Leave the pictures out and reproduce all the entries word for word.

━━━━━━━━━━━━━━━━━━━━━━━━━━━━━━

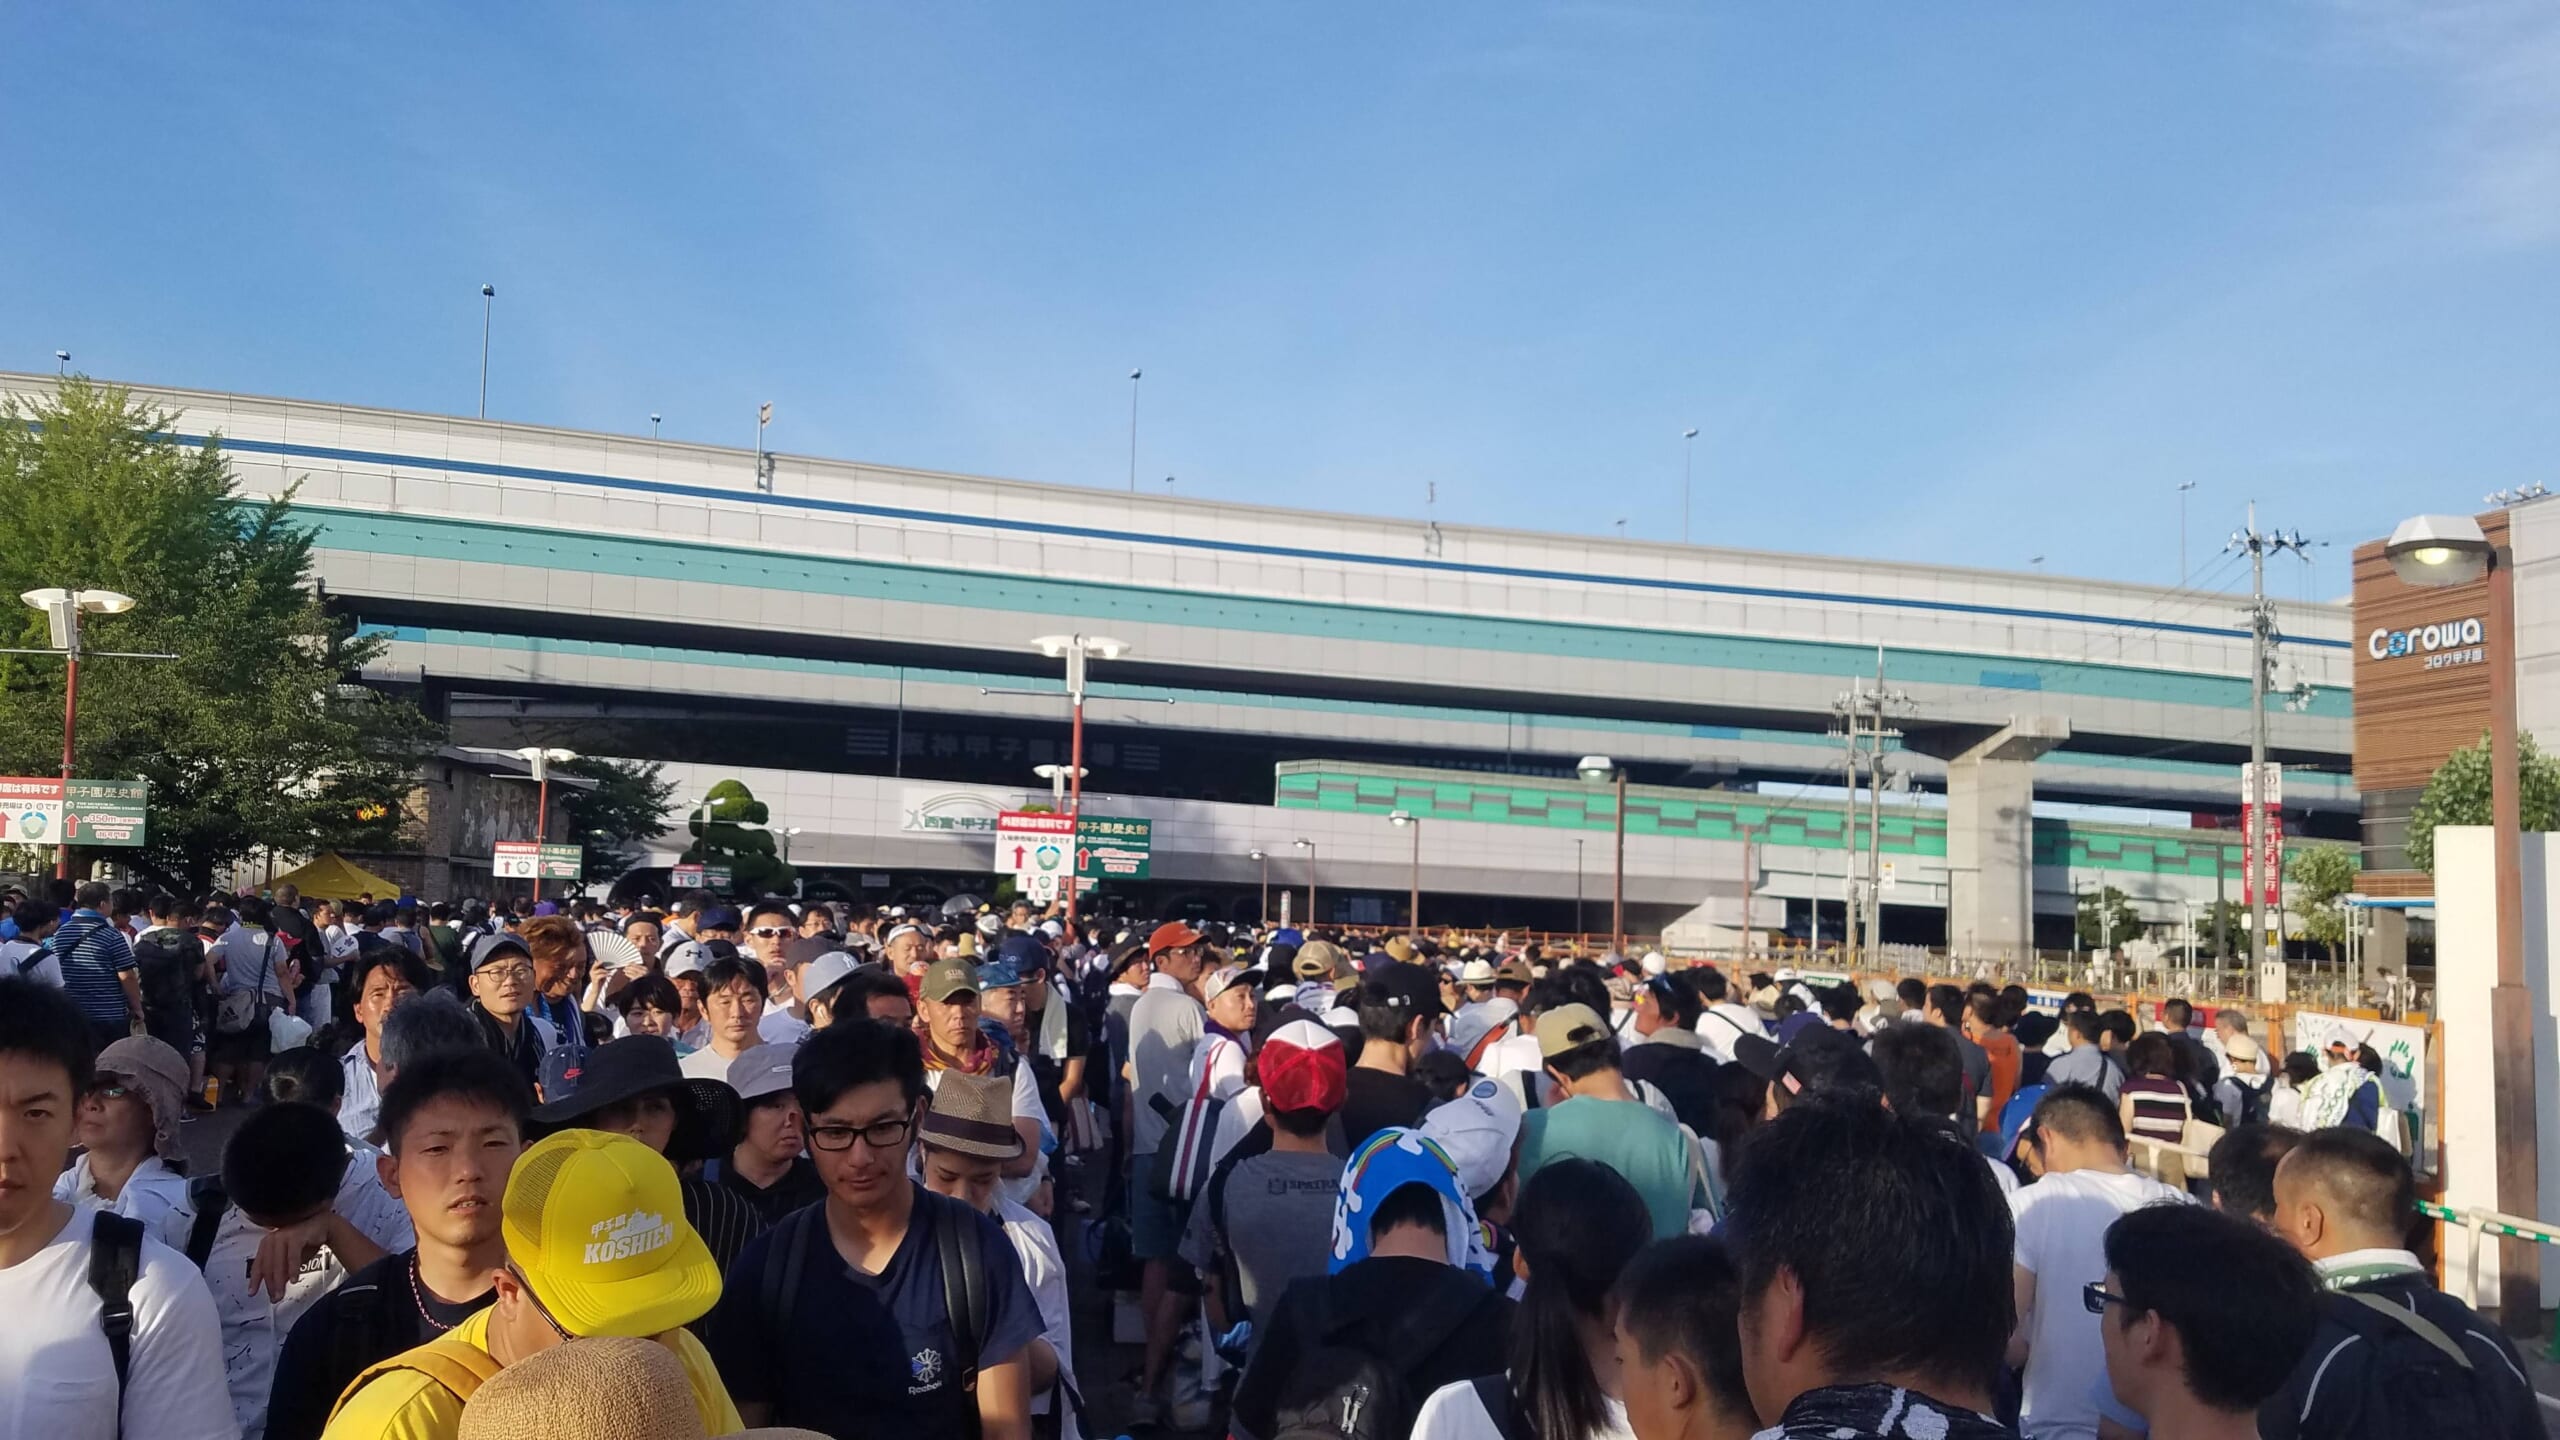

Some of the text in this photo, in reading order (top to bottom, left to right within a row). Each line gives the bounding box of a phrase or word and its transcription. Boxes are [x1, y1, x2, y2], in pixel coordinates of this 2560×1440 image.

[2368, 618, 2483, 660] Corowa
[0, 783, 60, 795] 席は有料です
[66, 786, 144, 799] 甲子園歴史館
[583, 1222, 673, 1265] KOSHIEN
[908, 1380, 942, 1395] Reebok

━━━━━━━━━━━━━━━━━━━━━━━━━━━━━━

### YOUR RESPONSE
Some of the text in this photo, in reading order (top to bottom, left to right within a row). Each line gives the bounding box of a phrase or word and its transcription. Boxes are [x1, y1, x2, y2], in pixel coordinates of this 2560×1440 image.

[2368, 618, 2483, 660] Corowa
[0, 783, 60, 795] 席は有料です
[66, 786, 144, 799] 甲子園歴史館
[583, 1222, 673, 1265] KOSHIEN
[908, 1380, 942, 1395] Reebok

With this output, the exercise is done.